* **EXERCISE DETAILS**:
Nothing but the lines from the one with "Some of the text" through the end of the material should be retyped, word for word and without pictures.

*** GIVEN ENTRIES Section Begins ***

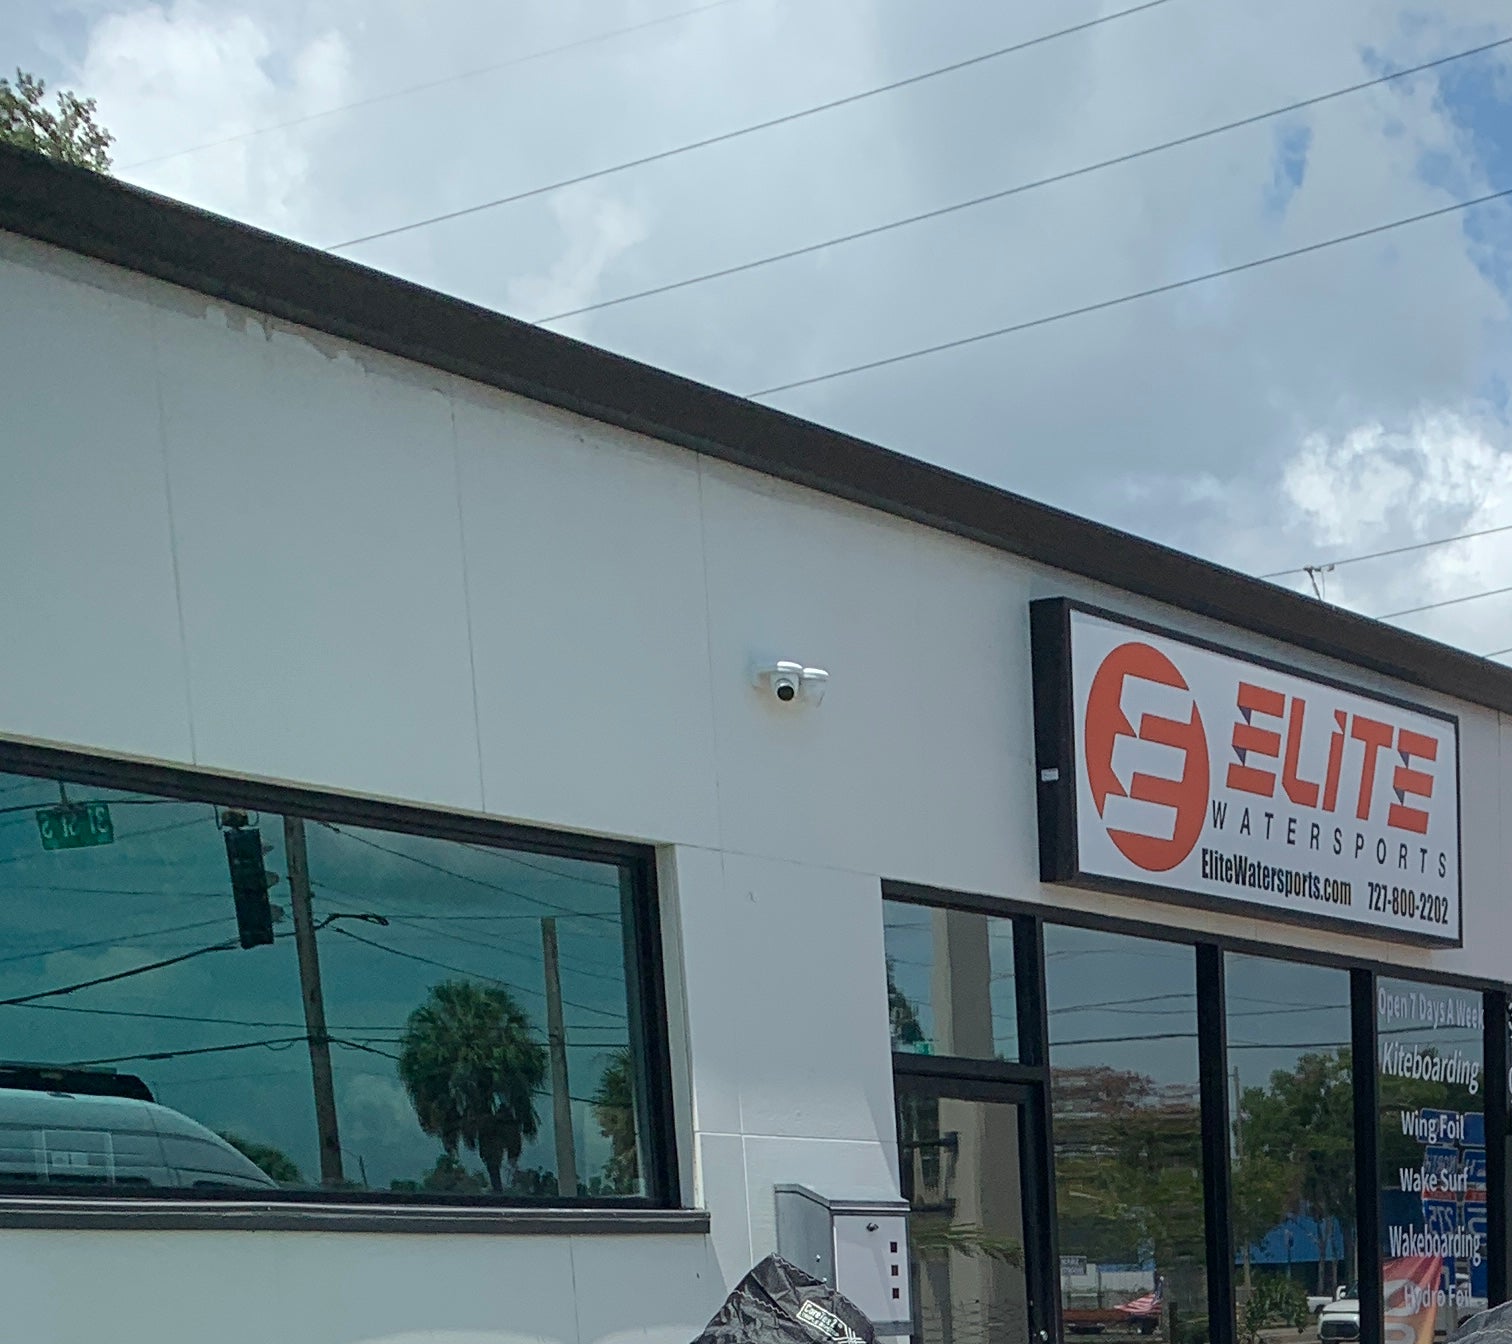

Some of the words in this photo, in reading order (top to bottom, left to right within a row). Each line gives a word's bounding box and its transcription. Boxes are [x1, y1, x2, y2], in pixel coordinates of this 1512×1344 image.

[1211, 800, 1447, 879] WATERSPORTS
[1201, 848, 1352, 906] EliteWatersports.com
[1368, 882, 1449, 925] 727-800-2202
[1378, 987, 1408, 1023] Open
[1409, 993, 1417, 1019] 7
[1419, 993, 1445, 1029] Days
[1446, 998, 1454, 1025] A
[1455, 999, 1484, 1030] Week
[1382, 1041, 1480, 1095] Kiteboarding
[1401, 1110, 1438, 1144] Wing
[1440, 1114, 1465, 1140] Foil
[1399, 1166, 1438, 1192] Wake
[1440, 1166, 1469, 1192] Surf
[1389, 1223, 1481, 1267] Wakeboarding
[1404, 1282, 1446, 1314] Hydro
[1449, 1282, 1472, 1308] Foil
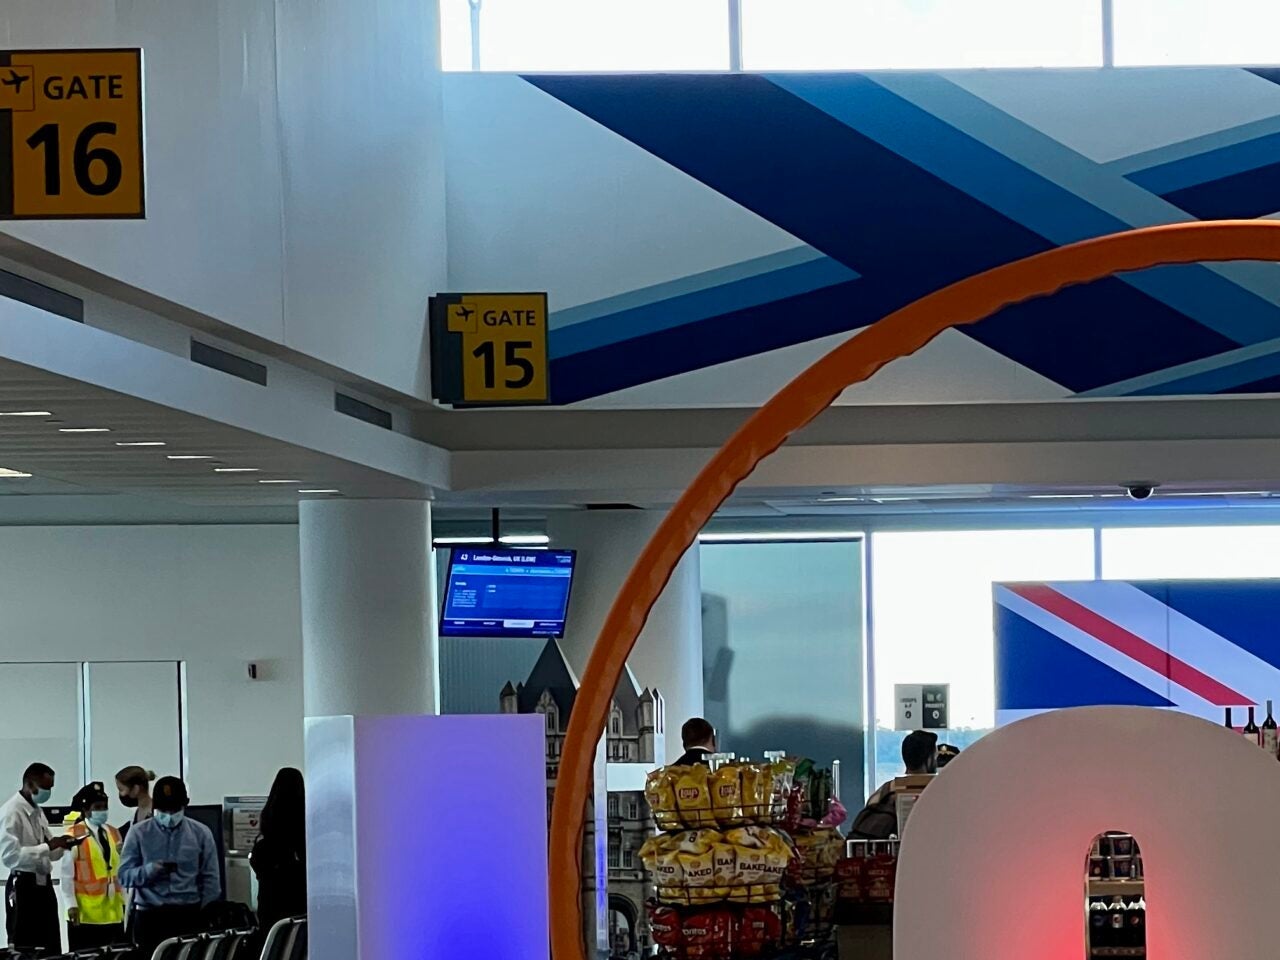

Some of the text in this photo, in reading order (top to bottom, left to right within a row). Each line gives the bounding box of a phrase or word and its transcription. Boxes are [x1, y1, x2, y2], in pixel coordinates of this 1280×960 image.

[43, 75, 123, 100] GATE
[26, 122, 122, 195] 16
[483, 310, 536, 326] GATE
[473, 341, 534, 389] 15
[688, 868, 712, 877] AKED
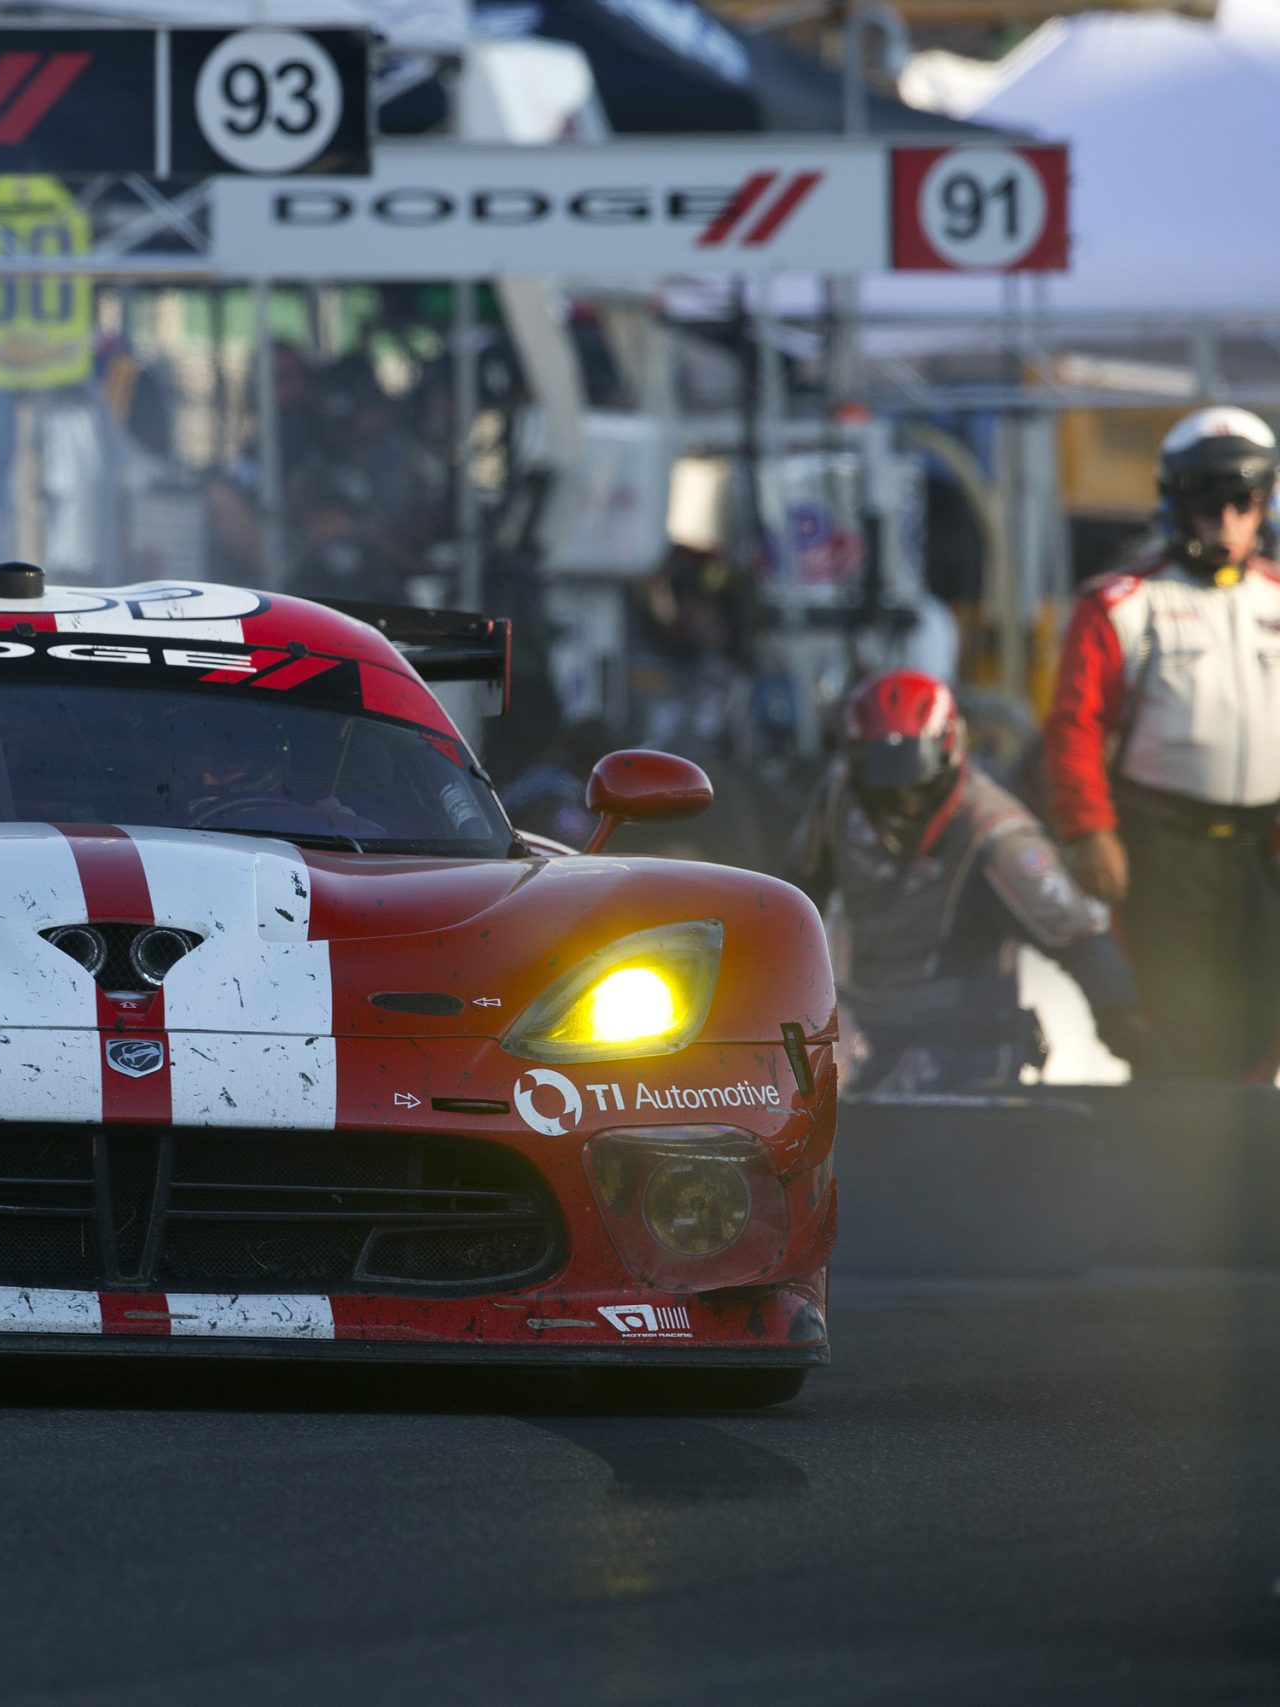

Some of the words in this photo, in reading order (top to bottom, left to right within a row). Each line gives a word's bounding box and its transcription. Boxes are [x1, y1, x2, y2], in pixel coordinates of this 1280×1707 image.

[222, 61, 320, 137] 93
[271, 187, 744, 227] DODGE
[941, 171, 1019, 243] 91
[585, 1082, 625, 1112] TI
[635, 1079, 780, 1111] Automotive

*** GIVEN ENTRIES Section Ends ***

* **ANSWER TO THIS EXERCISE**:
Some of the text in this photo, in reading order (top to bottom, left to right within a row). Each line gives the bounding box of a phrase or word and its transcription. Boxes are [x1, y1, x2, y2], in pixel coordinates of this 1280×960 image.

[43, 75, 123, 100] GATE
[26, 122, 122, 195] 16
[483, 310, 536, 326] GATE
[473, 341, 534, 389] 15
[688, 868, 712, 877] AKED

Some of the words in this photo, in reading order (top to bottom, left to right within a row). Each line gives a word's bounding box and its transcription. Boxes are [x1, y1, x2, y2], in pixel coordinates of this 1280×1707 image.

[222, 61, 320, 137] 93
[271, 187, 744, 227] DODGE
[941, 171, 1019, 243] 91
[585, 1082, 625, 1112] TI
[635, 1079, 780, 1111] Automotive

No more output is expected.